Massive reef-forming corals (Scleractinia) are biological and palaeoclimatological archives, based on their skeletal growth chronology that is characterized by annual density bandings (analogue to dendrochronology). A limitation in coral sclerochronology is the quantification of skeletal density due to the need of precise analytical techniques. This study deals with the application of two-dimensional grid-scanning gamma densitometry (241Americium-radiation beam technique) to quantify skeletal density fluctuations at higher spatiotemporal (intra-annual) resolution. An advantage of this method is a reduction of local influences along the coral growth axis (e.g., pore spaces, calyx architecture), comparative to previous one-dimensional track selection techniques with gamma densitometry.
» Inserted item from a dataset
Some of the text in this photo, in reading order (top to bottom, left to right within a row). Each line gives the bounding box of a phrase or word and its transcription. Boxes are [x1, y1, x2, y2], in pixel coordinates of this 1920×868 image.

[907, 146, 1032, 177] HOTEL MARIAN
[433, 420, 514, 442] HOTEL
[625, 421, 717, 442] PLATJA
The widespread Atlantic coral Orbicella (ex Montastraea) faveolata was used as a representative massive coral species. A colony from the central Belize Barrier Reef (BBR, Central America) was analysed, yielding 1005 calibrated density values corresponding to a skeletal growth period of 38 years (1962-1999 CE). An average of 27.6±3.5 measurements per growth increment translates into a roughly biweekly resolution for selected grid point rows. The colony shows a long-term decline in skeletal density, accompanied by reduced rates in carbonate accretion. This implies limited capability for skeletal formation in O. faveolata corals within the central BBR. Annual density bandings are likely connected to intra-annual fluctuations in δ13C isotope composition, suggesting a relationship to their mixotrophic lifestyle with a carbon uptake either by heterotrophic feeding and/or photosynthetic activity of their endosymbiotic zooxanthellae. However, combined data suggest a more complex influence of environmental and biological controls on skeletal density variations in the present coral.